John Bede Polding, Australia’s first Catholic Bishop, called his first cathedral ‘St Mary’s’, and when parishes and dioceses were set up in our country, he chose Mary, Help of Christians, as our patroness for the whole of Australia.
- The Birth of Mary September 8
Although we do not know the date of Mary’s birth, Christians have celebrated it on this day since the beginning of the seventh century. The date of the feast of the Immaculate Conception was determined by counting back nine months form this date, the time from conception to birth. Mary’s birthday is one of only three celebrated in the Christian calendar. along with births of John the Baptist and Jesus, it celebrates the dawn of salvation.
- The Presentation of Mary in the Temple November 21
Once again we have no biblical record of this event, but like all Jewish children, Mary would have been brought to the Temple on the 40th day after her birth. (The Presentation of Jesus in the Temple is recorded by Like and celebrated on February 2).
- The Immaculate Conception December 8
The feast is not the commemoration of Jesus’ conception (as is sometimes thought) but of Mary’s. Although Joachim and Anne are not named in the Bible, an ancient tradition holds that they were Mary’s parents. their feast is celebrated on July 22. we believe that Mary was conceived by her parents in the natural human way, but that she was conceived without original sin.
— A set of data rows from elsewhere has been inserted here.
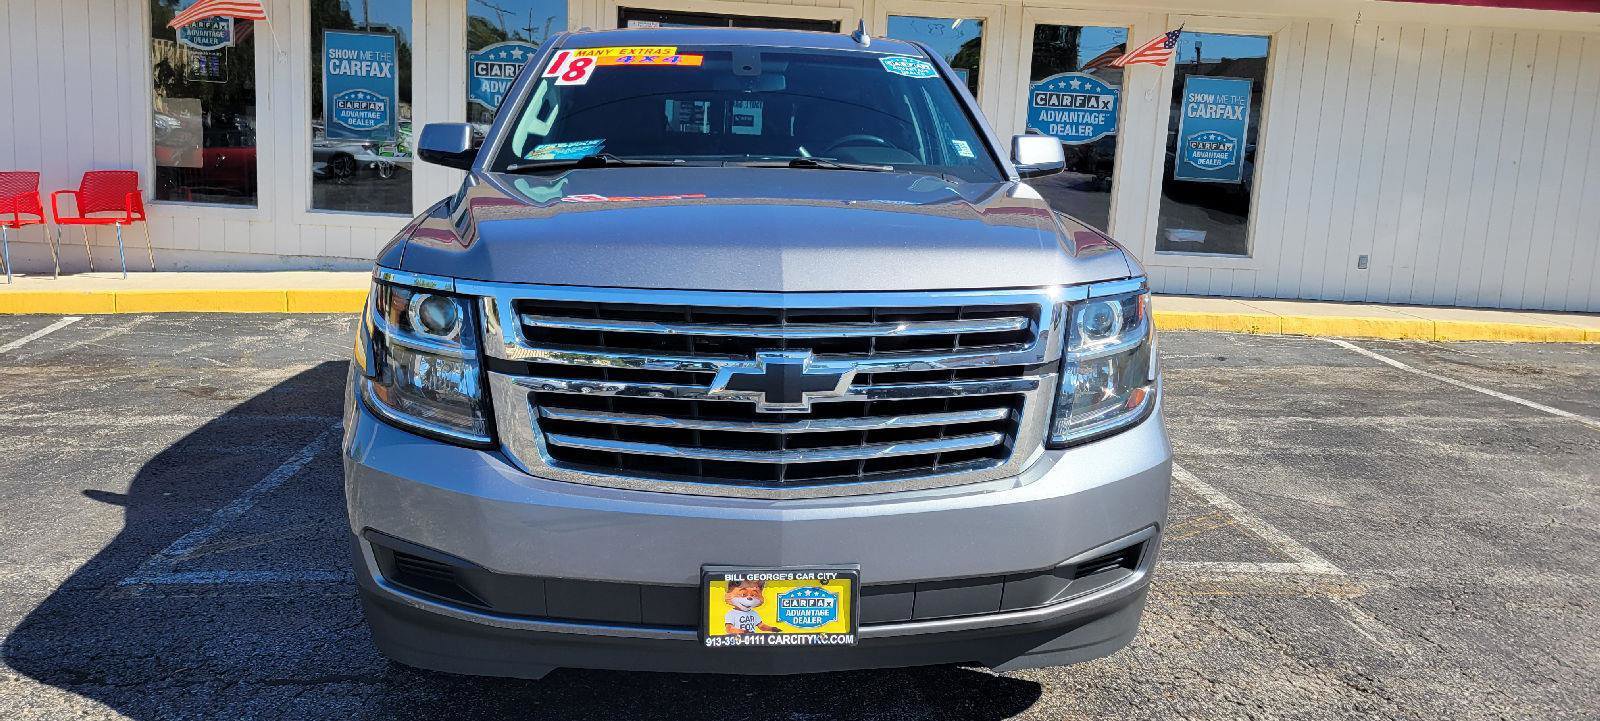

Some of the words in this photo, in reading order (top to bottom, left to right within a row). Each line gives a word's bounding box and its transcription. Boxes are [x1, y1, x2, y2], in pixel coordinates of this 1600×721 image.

[328, 48, 358, 60] SHOW
[360, 50, 374, 61] ME
[374, 51, 392, 62] THE
[576, 49, 613, 57] MANY
[329, 59, 392, 79] CARFAX
[1036, 94, 1111, 110] CARFAX
[1188, 92, 1215, 104] SHOW
[1216, 94, 1230, 104] ME
[1231, 95, 1246, 106] THE
[338, 101, 384, 111] CARFAX
[340, 110, 382, 119] ADVANTAGE
[1187, 102, 1243, 120] CARFAX
[1039, 109, 1105, 125] ADVANTAGE
[348, 118, 375, 126] DEALER
[1049, 123, 1094, 137] DEALER
[1191, 142, 1232, 151] CARFAX
[1192, 150, 1229, 159] ADVANTAGE
[1197, 158, 1222, 166] DEALER
[725, 573, 745, 581] BILL
[747, 573, 794, 581] GEORGE'S
[796, 572, 815, 580] CAR
[817, 572, 838, 580] CITY
[783, 599, 833, 608] CARFAX
[785, 609, 830, 618] ADVANTAGE
[739, 615, 755, 623] CAR
[793, 616, 823, 625] DEALER
[740, 623, 756, 631] FOX
[767, 633, 854, 645] CARCITYKC.COM
This is gift God gave her in anticipation of her Son’s redemption. when pope Pius IX defined his belief in 1854, he explained that God’s grace was given to her “in such a wonderful manner that she would always be free from every stain of sin”. Mary is revered as patroness of the United States under this title. The national shrine of the Immaculate Conception is located in Washington, D.C.
- The Immaculate Heart of Mary: Date varies
This feast was extended to the universal Church by Pope Pius XII in 1944. In our times, the celebration of this day varies according to the date of Easter. It usually takes place in June on the Saturday after the feast of the Sacred Heart of Jesus. the hearts of Jesus and Mary are often depicted together as an expression of their union in love or us. this day reminds us of the prayerful ways she pondered the mystery of Jesus in her heart and of her unceasing love for us.
- Our Lady of Mt Carmel: July 16
Mt Carmel is located on the coast of Israel just north of the city Haifa. Tradition holds that it was the place where the prophet Elijah confronted the pagan prophets of Baal (1 Kings 18:19-46). It is an ancient shrine of Mary and it was here that the Order of Our Lady of Mt Carmel was founded about 1154. This contemplative Order, known as the Carmelites, began to celebrate its patronal feast on July 16 because, according to its tradition, it was on this day in 1251 that Mary appeared to the Carmelites St Simon Stock in England ans gave him the brown scapular as a sign of her love and protection . Our Lady of Mt Carmel is especially revered in Italy and by Italian-Americans.
- The Queenship of Mary: August 22
Following the establishment of the feast of Christ the King, Pope Pius XII created this feast in 1954 on May 31. The new calendar moved it to August 22 to emphasize its connection with the Assumption. We venerate Mary as queen for two reasons: because of her unique part in redemption and because she is first among the saints. Pius XII said of her, “Like her Son before her, she conquered death and was raised body and soul into heaven, where as queen, she sits in splendor at the right hand of her Son”.
- Our Lady of Sorrows: September 15
One aspect of Mary’s life that is being appreciated anew today is her suffering. The poor, especially in Latin America, find in her one who walks
with them: as a refugee, as a mother whose son is unjustly murdered, as a widow. the Gospels give us ample record of the suffering Mary endured. The circumstances of Jesus’ birth were harsh, even by the standards of the day. Afterward the Holy Family fled to Egypt to escape persecution by Herod. the loss of Jesus in the Temple signaled the new challenge of understanding his ministry. “Did you not know that I must be about my Father’s work? ” he said to Mary (Lk 2:49) . Ultimately, his passion ans death were hr greatest trial.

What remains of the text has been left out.